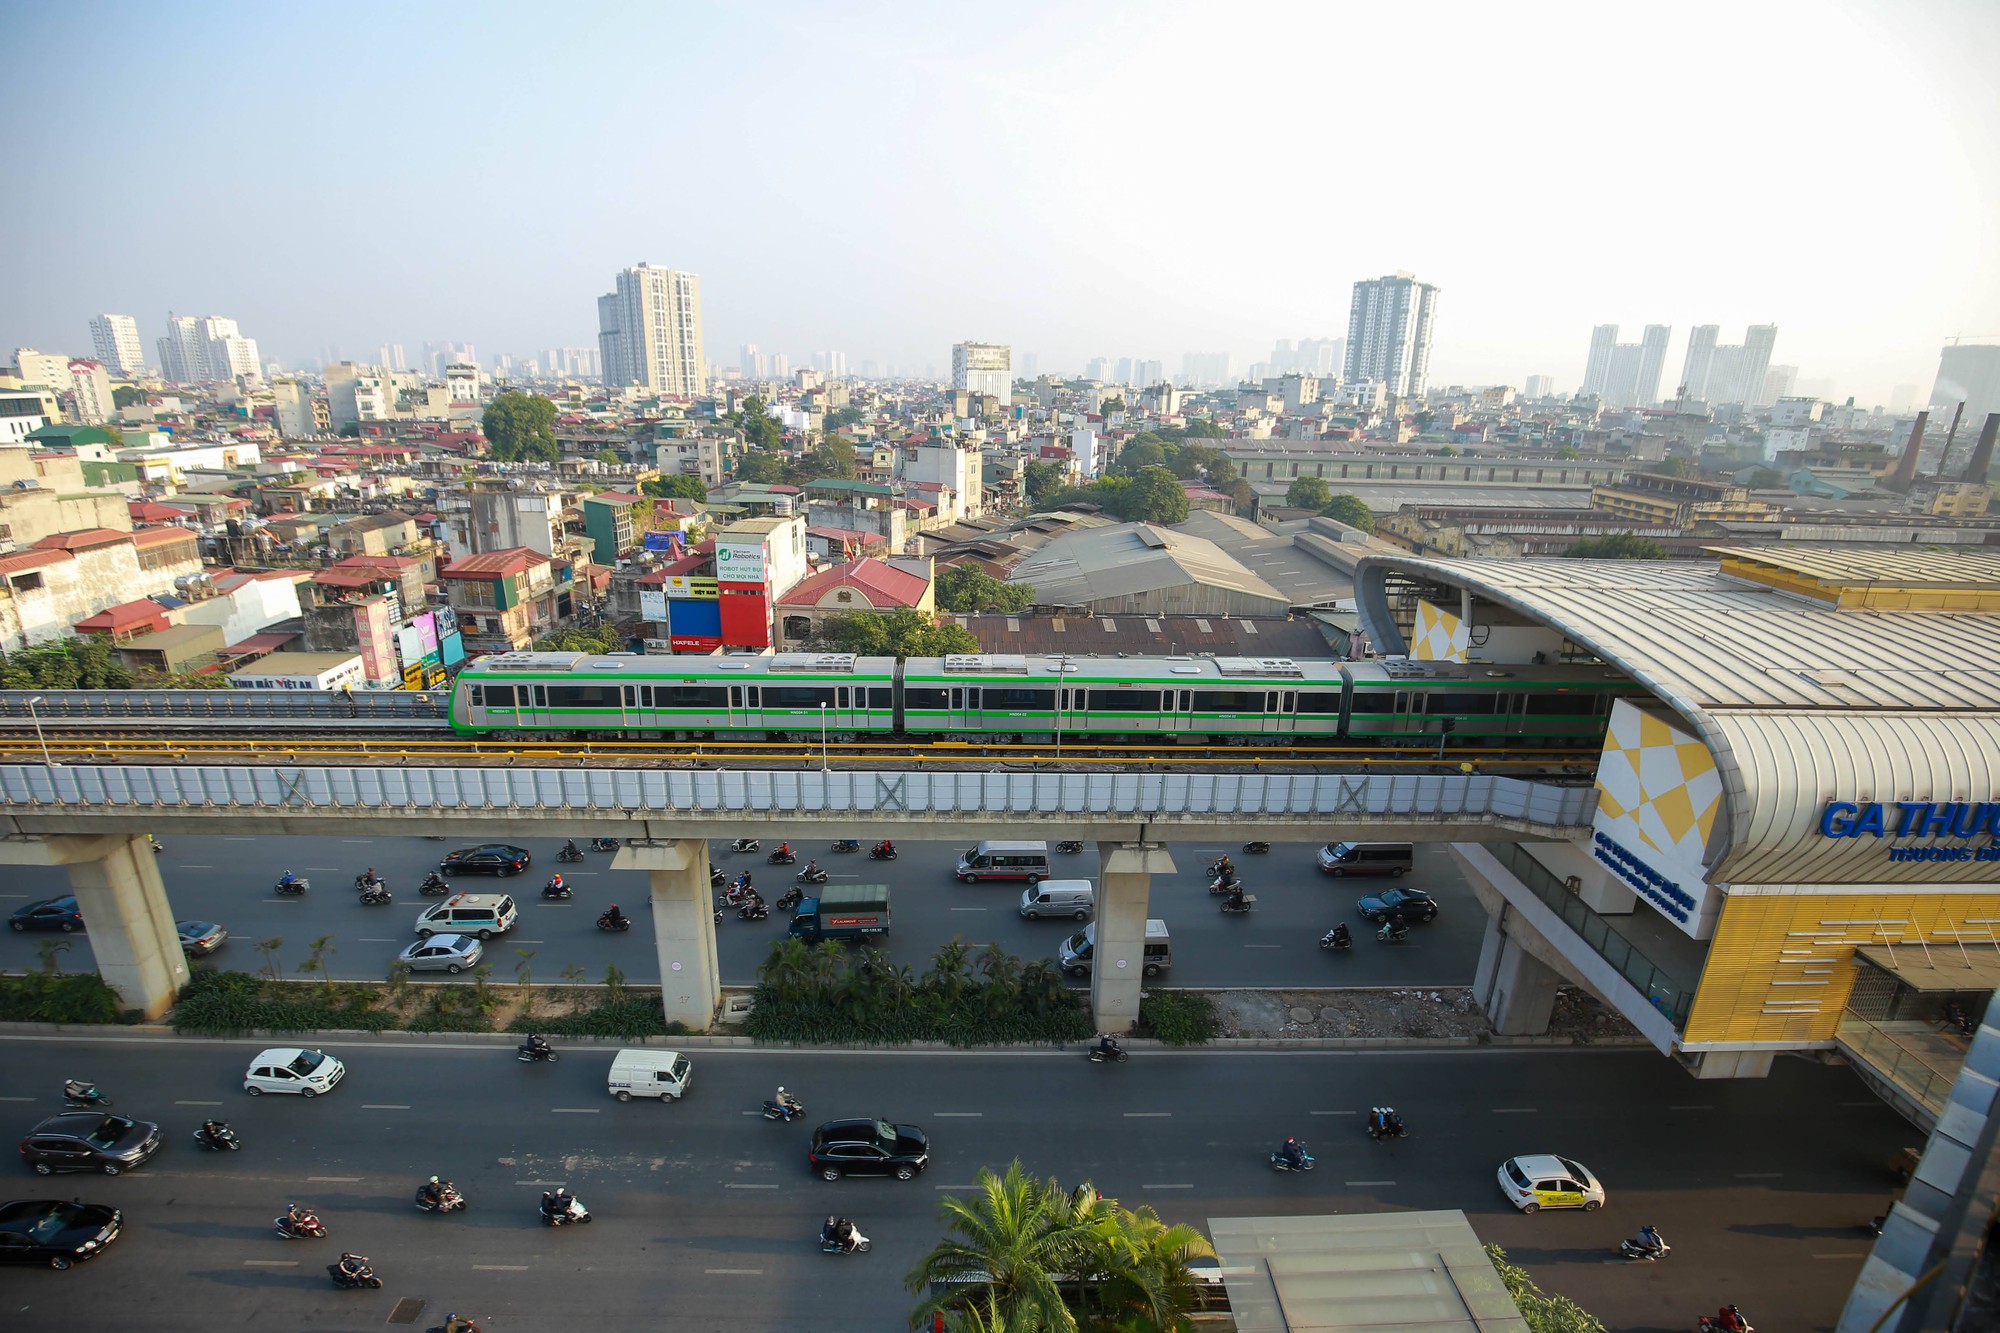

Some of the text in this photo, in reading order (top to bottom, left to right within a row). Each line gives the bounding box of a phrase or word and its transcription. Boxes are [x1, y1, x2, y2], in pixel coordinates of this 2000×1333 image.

[275, 678, 297, 690] VIỆT
[300, 680, 312, 689] AN
[1821, 802, 1884, 838] GA
[1888, 846, 1973, 862] THUONG

——

**YOUR ASSIGNMENT**
Verbatim reproduction of every entry is needed, with the images left out.

**COMPLETED EXERCISE**
Some of the text in this photo, in reading order (top to bottom, left to right within a row). Each line gives the bounding box of a phrase or word and its transcription. Boxes are [x1, y1, x2, y2], in pixel coordinates of this 2000×1333 image.

[275, 678, 297, 690] VIỆT
[300, 680, 312, 689] AN
[1821, 802, 1884, 838] GA
[1888, 846, 1973, 862] THUONG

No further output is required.